Joint action of multiple component cause
- Causal pie
- Is a sufficient cause
What is a sufficient cause?
The smallest set of conditions and events that inevitably produces the disease (a complete pie)
What is a component cause?
A piece of the pie
When are component cause necessary?
When they appear in all causal pies
What do we need to know about the strength of a component cause?
- Cannot be determined for individual cases - they were all equal
- At the population level, a component cause is stronger when it takes par in a larger proportion of disease cases (e.g., smoking) - depends on the prevalence
What is the sum of all component causes?
Infinite, due to interactions
What is induction time?
The time between the action of a component cause and the completion of a sufficient cause (pie).
- For the last component cause, induction time is always 0.
What is the latent period?
Period between the action of the last component cause/disease initiation and the clinical manifestation
- The latent period is reduced with screening
What is the empirical induction period?
It is used when the specific causal mechanisms are unknown and that the induction and latent period may not be distinguished
- Latent + induction = empirical induction period
What are 4 of Hill’s causal guidelines, and which one is necessary(*)?
*Temporality
Strength of association (strong associations are less likely to be confounded, but sometimes causal is weak)

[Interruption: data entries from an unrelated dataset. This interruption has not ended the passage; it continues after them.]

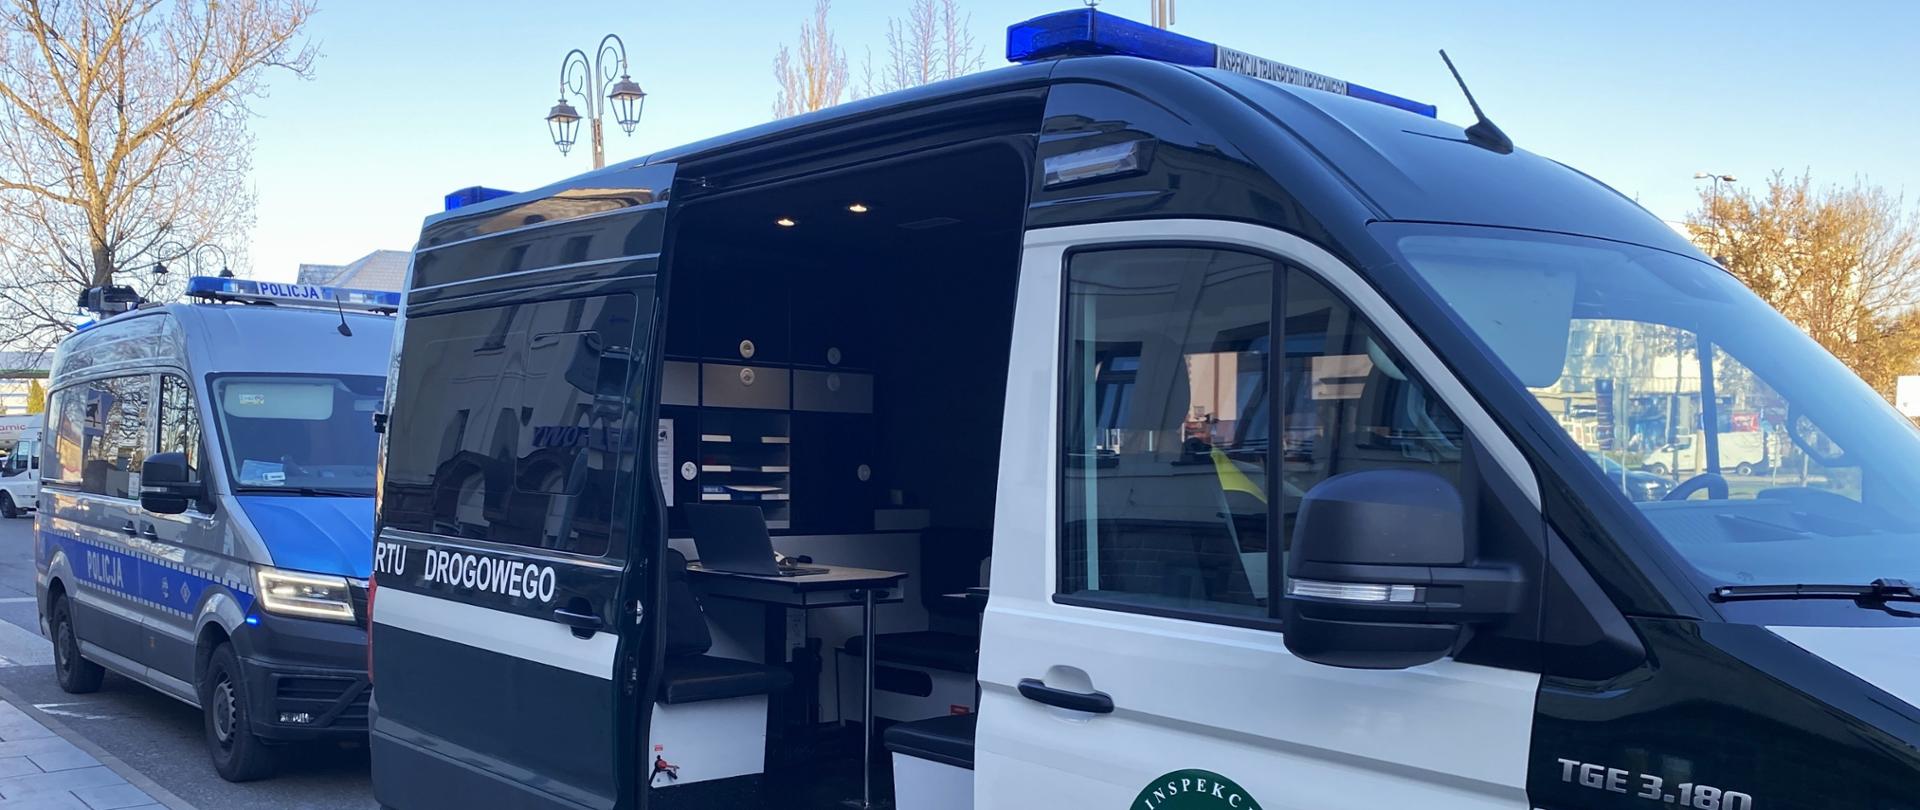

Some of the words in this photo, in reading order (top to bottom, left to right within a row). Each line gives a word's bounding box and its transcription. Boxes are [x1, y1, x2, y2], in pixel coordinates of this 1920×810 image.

[1219, 49, 1257, 77] INSPEKCJA
[260, 282, 319, 299] POLICJA
[87, 550, 124, 589] POLICJA
[374, 542, 407, 576] RTU
[424, 549, 556, 602] DROGOWEGO
[1145, 778, 1253, 810] INSPEKC
[1558, 758, 1629, 794] TGE
[1638, 773, 1752, 810] 3.180

Specificity (rare and unnecessary)
Biological gradient (dose response relation, linear or not)
What is the counterfactual when talking about causality?
Causality can be established when the outcome on the same person, treated and untreated, is different. But only one of these events may be observed. The other is counterfactual.
- Counterfactual refers to treatment/no treatment simultaneously, and in the same population
What is the principle of exchangeability?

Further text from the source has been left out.